那么能不能更低的循環,也不行,因為通常需要大約10-15個循環,信噪比才能達到穩定檢測的要求。

Part.03
 Tm值有什么講究
實驗老法師都知道,QPCR不做溶解曲線,Ct值那將毫無意義可言,這該如何理解。
1、非特異擴增
染料法熒光PCR有個非常嚴重的Bug,染料會無差別的結合任何雙鏈DNA小溝,如非特異擴增產物,或引物二聚體等。正好,熔解曲線可以能解決這個問題,它通過逐步升溫,將產物重新熔解,結合熒光又變回了游離狀態,于是會形成一個熒光衰減曲線,單一峰象征著沒被污染。
2、Tm值含義
Tm值含義為50%的雙鏈DNA解鏈變成單鏈DNA時的溫度,該值大小與DNA分子長度、堿基構成和離子強度有關,那么這里為什么會取50%作為評測點呢?
DNA的雙鏈解鏈(變性)不是一個“全或無”的瞬間過程,而是一個隨著溫度升高而逐漸發生的協同過程。您可以把它想象成冰融化成水,有一個從固態到液態的過渡區間。
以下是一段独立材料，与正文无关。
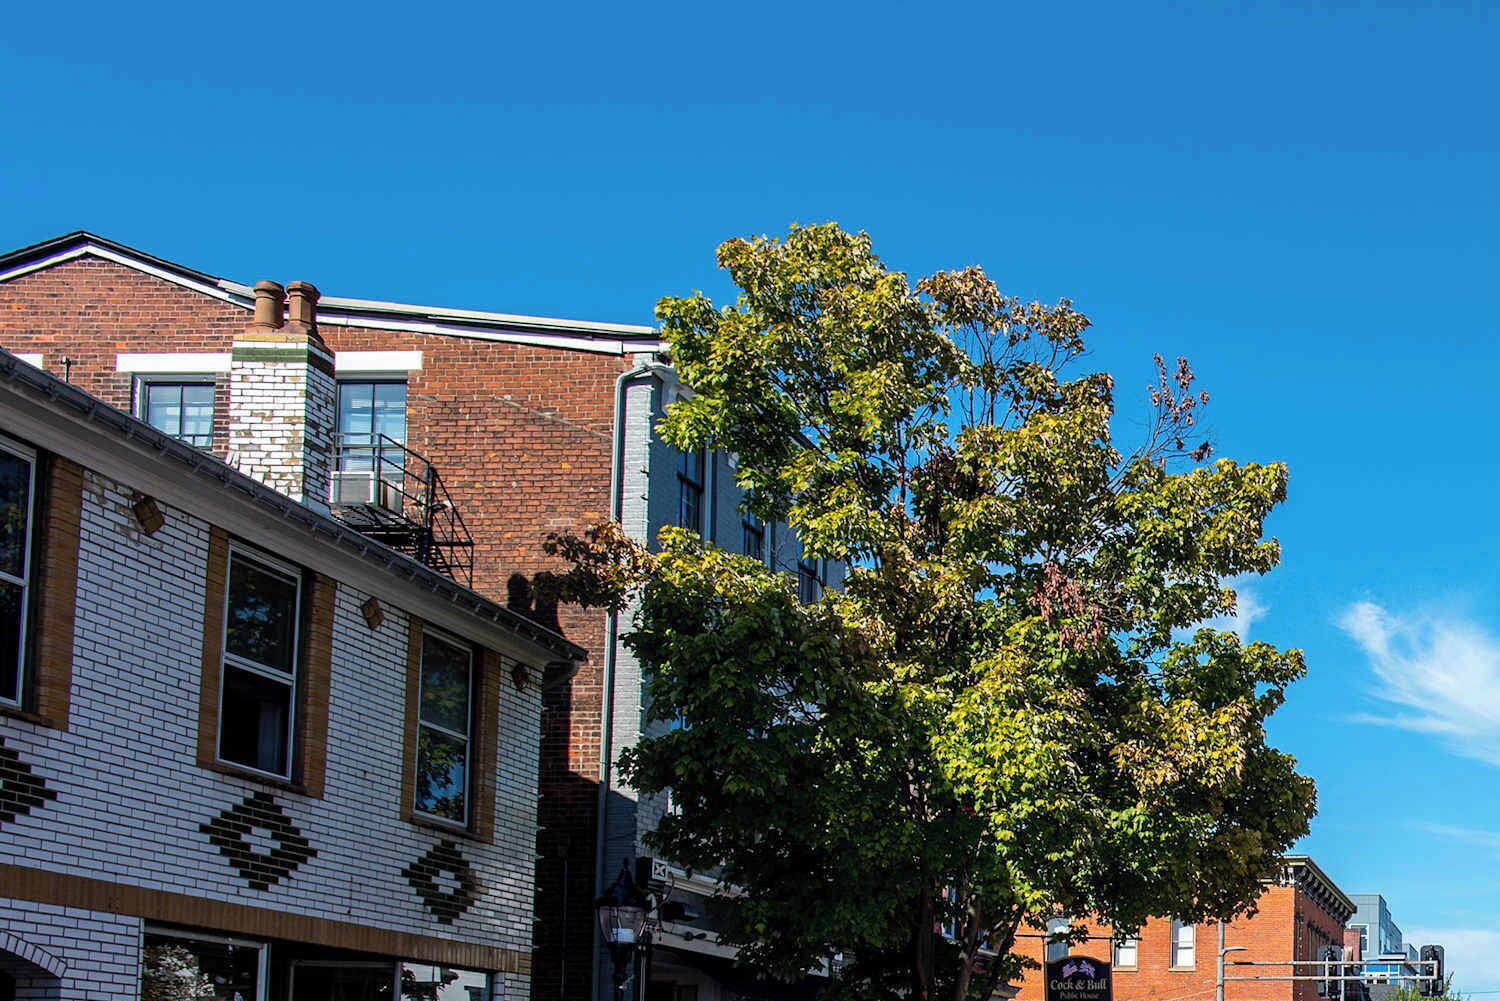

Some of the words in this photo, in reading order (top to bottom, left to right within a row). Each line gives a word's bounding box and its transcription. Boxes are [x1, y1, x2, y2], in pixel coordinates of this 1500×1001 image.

[1051, 978, 1075, 990] Cock
[1075, 979, 1086, 990] &
[1087, 978, 1107, 990] Bull
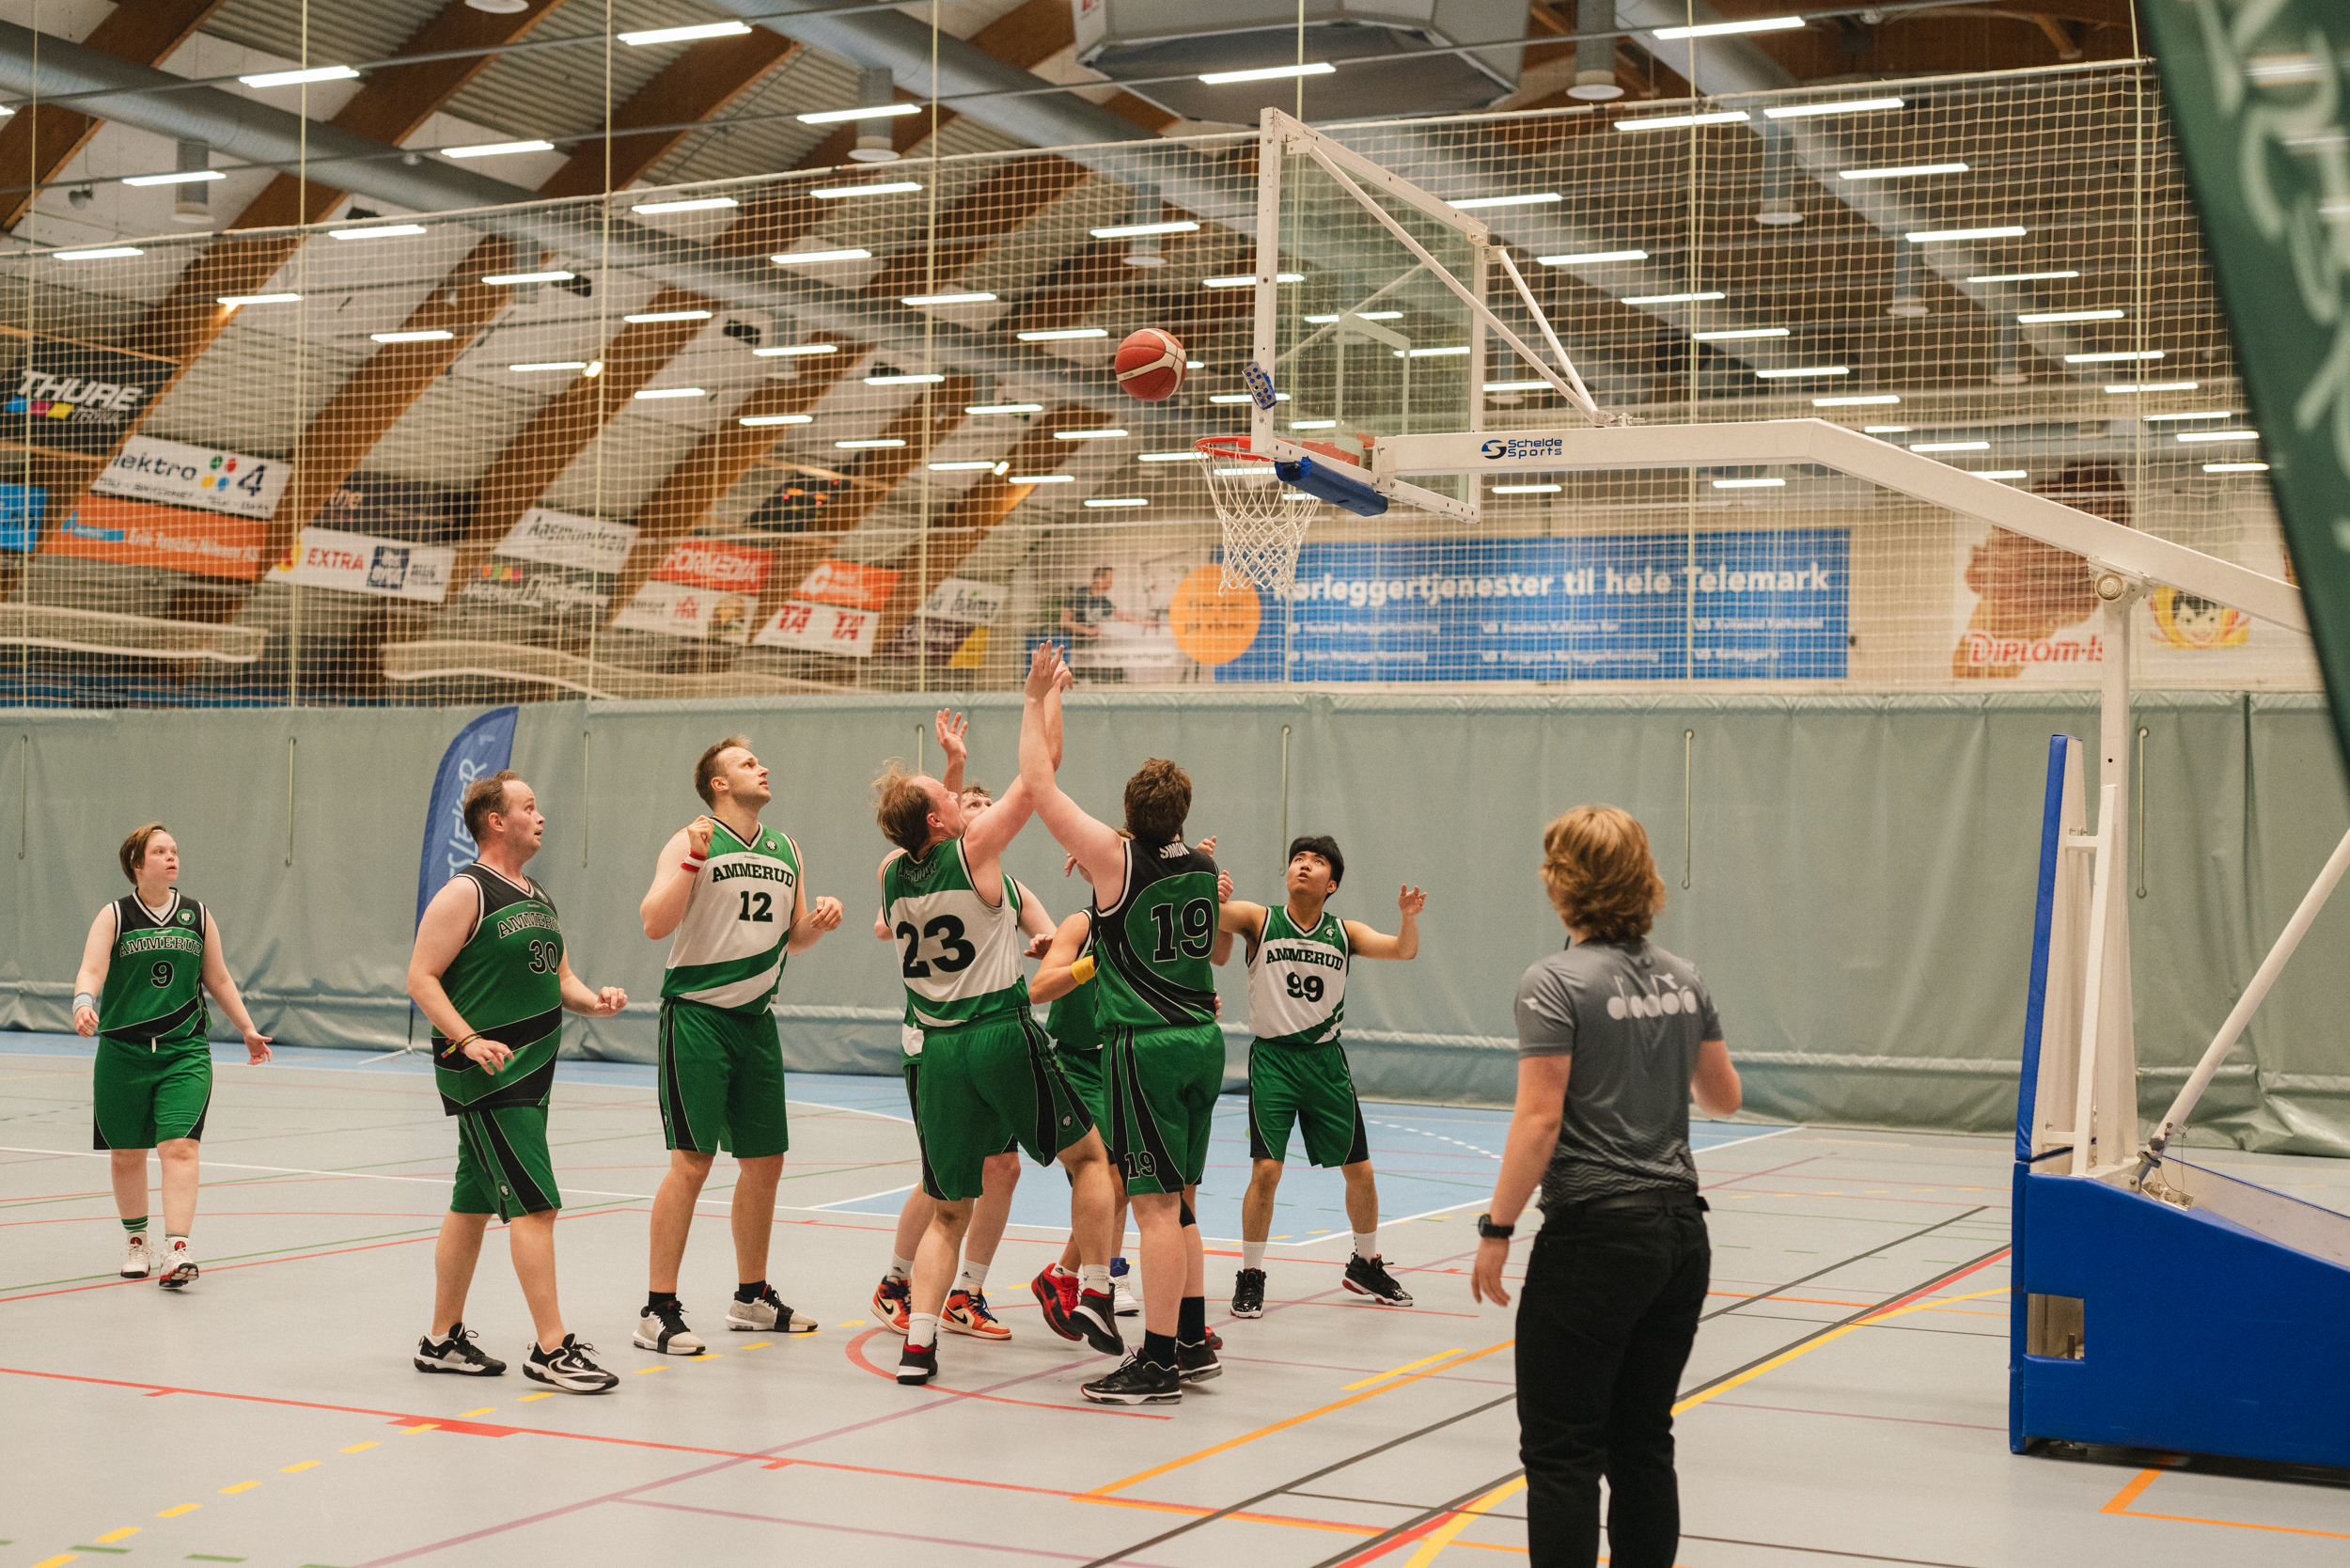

50%解鏈這個點恰好是整個相變過程的中點,在數學上是S形曲線的拐點,代表了從雙鏈主導到單鏈主導的臨界狀態。
在50%解鏈點時,系統的變化最為敏感和劇烈。這一點附近的熒光變化速率是最快的(在熔解曲線的負導數圖上表現為峰值)。選擇變化率最大的點作為特征溫度,其受微小干擾(如溫度校準誤差、背景熒光波動)的影響最小,因此測量結果最精確、最穩定、可重復性最高。
舉個例子,我們定義水的沸點是100°C(在1個標準大氣壓下),此時水正在劇烈汽化,而不是定義水剛開始產生第一個氣泡的溫度(比如95°C)或完全蒸干的溫度。中點是最具代表性、最容易客觀判定的。